# Other Aquarium Forums > Freshwater Fauna >  Anyone keeping mudskippers..?

## vannel

Hi Bros,

Just wondering if anyone is keeping mudskippers. Recently, there has been quite a few LFS selling these oddballs and I decided to keep a few as well in my spare tank. They seem cute enough and will actually jump all over for food. Highly entertaining.

Anyone knows what species they are?


Attachment 26927

Attachment 26928

----------


## taizi

if i'm not wrong they are giant mud skippers ?

----------


## vannel

Hmm. Don't think they are the giant ones. These are currently housed in a nano 20cm cube and are about 6cm or so at what seems to be like their full adult size (given they have not grown any larger than whence they were bought). Not alot of people seem to be interested in keeping them, apparently. Such lukewarm response. These mudskippers have been super entertaining and quite easy to keep. They have learnt to come dashing for food once I lift up the cover. In fact, they practically jump from the highest point of the driftwood to grab the food before I have a chance to drop it onto their sand-bed.

----------


## stormhawk

The fish you have is probably the Indian Dwarf Mudskipper _Periophthalmus novemradiatus_. 

Not many people keep such fishes because they need specific conditions to thrive. They make interesting pets but brackish water fish or anything similar are not exactly the most popular fish to be kept. Are you keeping them in pure freshwater?

----------


## vannel

The topic of fresh/brackish water for mudskippers has been debated on quite comprehensively. My opinion on this matter is that I try to add a bit of salt into their water, not so much as to make it brackish, but more as a rule-of-thumb for most fishes as a form of disease prevention.

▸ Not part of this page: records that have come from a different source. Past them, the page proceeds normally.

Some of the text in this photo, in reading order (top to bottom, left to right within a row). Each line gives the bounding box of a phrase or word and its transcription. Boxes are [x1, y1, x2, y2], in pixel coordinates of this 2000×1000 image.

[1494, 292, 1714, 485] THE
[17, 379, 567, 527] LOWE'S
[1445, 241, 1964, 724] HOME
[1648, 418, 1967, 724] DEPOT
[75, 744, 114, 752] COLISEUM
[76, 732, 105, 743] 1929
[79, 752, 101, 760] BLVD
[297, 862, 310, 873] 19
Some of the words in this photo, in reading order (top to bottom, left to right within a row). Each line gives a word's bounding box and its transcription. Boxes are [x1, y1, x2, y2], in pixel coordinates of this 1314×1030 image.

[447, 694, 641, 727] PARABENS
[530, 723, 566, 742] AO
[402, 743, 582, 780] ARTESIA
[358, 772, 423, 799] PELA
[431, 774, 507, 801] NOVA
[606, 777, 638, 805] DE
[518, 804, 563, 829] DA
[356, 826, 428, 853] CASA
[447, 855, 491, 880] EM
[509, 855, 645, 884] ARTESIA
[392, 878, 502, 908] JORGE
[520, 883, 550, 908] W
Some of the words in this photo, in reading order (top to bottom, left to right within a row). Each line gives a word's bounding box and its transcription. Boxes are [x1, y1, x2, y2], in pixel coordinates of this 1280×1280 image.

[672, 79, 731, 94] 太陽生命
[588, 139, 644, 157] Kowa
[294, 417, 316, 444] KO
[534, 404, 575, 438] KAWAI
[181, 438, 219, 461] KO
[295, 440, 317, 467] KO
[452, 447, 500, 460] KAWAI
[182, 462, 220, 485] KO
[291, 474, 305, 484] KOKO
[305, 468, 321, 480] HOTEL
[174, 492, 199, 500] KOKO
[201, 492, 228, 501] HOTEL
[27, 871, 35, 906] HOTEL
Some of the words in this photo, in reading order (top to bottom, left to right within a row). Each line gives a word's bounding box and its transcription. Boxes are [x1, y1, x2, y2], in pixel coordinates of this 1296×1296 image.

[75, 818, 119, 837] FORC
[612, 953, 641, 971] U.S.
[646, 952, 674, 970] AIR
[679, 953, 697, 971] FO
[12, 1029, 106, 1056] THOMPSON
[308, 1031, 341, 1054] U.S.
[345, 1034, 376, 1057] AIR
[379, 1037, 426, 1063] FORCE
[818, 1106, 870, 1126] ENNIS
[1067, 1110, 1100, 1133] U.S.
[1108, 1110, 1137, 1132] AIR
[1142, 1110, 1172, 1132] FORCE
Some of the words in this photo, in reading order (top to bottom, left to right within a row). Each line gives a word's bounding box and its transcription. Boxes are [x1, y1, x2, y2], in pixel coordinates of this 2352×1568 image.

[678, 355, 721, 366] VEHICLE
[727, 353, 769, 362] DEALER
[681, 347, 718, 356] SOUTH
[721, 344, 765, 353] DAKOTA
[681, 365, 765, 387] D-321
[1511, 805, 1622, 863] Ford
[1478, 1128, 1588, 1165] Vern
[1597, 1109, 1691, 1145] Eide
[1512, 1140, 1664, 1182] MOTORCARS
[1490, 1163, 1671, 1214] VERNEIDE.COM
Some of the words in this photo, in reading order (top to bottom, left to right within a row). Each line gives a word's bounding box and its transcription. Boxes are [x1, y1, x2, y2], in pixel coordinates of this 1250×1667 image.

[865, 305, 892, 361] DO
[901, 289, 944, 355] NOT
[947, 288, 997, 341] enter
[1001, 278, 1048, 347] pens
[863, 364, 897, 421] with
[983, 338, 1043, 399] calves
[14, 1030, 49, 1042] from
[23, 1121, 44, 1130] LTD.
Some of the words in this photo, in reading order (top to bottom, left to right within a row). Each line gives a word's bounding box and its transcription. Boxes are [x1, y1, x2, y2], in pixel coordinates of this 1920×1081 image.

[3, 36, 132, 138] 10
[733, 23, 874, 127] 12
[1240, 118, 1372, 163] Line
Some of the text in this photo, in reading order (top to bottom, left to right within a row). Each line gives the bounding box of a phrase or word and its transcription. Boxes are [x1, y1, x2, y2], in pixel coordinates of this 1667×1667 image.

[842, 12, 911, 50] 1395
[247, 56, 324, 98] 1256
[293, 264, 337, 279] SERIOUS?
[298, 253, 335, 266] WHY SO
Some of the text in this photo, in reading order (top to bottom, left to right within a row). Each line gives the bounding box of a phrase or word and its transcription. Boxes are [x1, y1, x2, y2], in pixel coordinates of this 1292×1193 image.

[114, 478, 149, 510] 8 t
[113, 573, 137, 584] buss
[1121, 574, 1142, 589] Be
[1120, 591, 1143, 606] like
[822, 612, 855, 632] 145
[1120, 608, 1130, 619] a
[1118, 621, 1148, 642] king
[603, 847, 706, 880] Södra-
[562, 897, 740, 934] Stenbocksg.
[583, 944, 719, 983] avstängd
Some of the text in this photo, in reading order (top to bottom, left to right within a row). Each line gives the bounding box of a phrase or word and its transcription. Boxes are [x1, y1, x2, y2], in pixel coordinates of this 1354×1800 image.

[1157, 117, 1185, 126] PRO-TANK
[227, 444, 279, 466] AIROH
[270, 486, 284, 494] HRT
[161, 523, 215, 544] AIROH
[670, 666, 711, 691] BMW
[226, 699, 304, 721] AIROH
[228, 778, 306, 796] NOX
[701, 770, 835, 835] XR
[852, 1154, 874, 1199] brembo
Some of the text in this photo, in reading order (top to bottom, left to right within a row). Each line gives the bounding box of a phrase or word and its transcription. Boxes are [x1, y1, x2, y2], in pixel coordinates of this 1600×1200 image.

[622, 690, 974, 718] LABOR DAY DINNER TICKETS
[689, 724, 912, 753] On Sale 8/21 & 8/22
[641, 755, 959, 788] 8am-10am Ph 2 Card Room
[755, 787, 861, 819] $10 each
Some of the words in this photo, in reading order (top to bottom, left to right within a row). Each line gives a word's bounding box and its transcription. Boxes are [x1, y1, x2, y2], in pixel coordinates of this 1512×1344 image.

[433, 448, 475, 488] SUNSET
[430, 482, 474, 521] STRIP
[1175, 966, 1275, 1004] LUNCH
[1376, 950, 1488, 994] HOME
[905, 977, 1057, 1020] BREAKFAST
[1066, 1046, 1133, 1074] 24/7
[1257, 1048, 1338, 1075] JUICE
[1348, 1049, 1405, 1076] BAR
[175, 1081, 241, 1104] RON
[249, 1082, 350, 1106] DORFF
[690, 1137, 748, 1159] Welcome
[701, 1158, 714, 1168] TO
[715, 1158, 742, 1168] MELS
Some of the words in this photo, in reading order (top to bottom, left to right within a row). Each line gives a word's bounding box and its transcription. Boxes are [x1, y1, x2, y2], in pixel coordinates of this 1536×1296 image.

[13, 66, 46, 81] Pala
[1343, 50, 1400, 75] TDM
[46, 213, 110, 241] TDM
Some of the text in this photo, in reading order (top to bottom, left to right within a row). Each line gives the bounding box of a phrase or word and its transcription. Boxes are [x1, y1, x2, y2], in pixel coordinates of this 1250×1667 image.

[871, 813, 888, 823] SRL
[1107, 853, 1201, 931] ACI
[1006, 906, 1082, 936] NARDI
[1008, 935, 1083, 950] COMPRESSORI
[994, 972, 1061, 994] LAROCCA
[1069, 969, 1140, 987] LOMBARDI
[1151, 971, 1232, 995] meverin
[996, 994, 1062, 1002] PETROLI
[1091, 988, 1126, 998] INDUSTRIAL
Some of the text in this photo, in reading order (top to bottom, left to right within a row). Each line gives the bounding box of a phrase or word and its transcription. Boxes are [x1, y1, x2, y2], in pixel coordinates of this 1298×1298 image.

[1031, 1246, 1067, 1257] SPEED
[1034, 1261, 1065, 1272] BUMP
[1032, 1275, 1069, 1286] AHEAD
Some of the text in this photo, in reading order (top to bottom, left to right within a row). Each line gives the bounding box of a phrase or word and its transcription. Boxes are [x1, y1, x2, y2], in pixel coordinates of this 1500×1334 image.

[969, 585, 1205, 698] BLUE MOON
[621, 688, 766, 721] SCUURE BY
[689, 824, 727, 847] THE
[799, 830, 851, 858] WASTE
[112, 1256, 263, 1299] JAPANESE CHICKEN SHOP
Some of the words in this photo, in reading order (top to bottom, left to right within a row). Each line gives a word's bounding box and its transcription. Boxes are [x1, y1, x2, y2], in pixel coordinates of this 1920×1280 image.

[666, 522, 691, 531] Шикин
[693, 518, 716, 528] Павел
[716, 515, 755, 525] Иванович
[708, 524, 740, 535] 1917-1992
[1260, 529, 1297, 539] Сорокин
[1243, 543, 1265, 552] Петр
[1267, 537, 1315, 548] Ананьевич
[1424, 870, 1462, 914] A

Personally, I don't have a device to measure salinity. Hence, the amount of aquarium salt added into their tank is purely based on gut feel. In any case, they seem to be of good health and are even starting to show off some colouration on their skin and fins (especially the alpha, which has a significantly more pronounced dorsal fin).

I agree on the species identification as well. The ones I have seem to be pretty small for a mudskipper and would fit quite nicely into the categorisation. These fishes are not hard to keep at all..!

----------


## taizi

so what's your setup ? 50 50 ? or 30 70 ?

----------


## vannel

I would say its about 30 70. The water takes up about half the tank but the driftwood gives them additional floor area. Also, the tank glass means alot more area for them to cling on.

----------


## stormhawk

Debated yes, but for the majority of aquarists they rather just keep something simple. It's a niche part of the hobby, but one that gives a lot of satisfaction if the fish survive.  :Smile: 

I don't think salinity is a problem, since these fish are estuarine in nature and salinity levels will change with the tides so they are probably tough enough to handle such changes in an aquarium. Have you considered keeping some fiddler crabs as tank mates? Or perhaps other brackish water fish.

----------


## vannel

I dont really have the space for any other livestock in my mudskipper tank. As it is now, I am already pushing it with 4 mudskippers in a 20cm cube. Not enough length or depth to the tank to allow for more water (for gobies) / land (for crabs). Too bad mudskippers don't breed in captivity, else, I might just get them an upgrade to a 1-2ft tank, which allows for alot more play in terms of scaping.

----------


## stormhawk

20 cm cube? You're pushing it alright.  :Laughing: 

I can understand the space constraint but I really think a 2ft tank would be perfect for them. That way you can give a deeper water zone and work out "ramps" by using the DIY methods that paludarium keepers do. While I was at Tanjung Chek Jawa, I was observing the little mudskippers during low tide. The males created a pit with a burrow that was water logged. They would defend their pit against other rival males and do a vigorous display dance whenever the females are close. 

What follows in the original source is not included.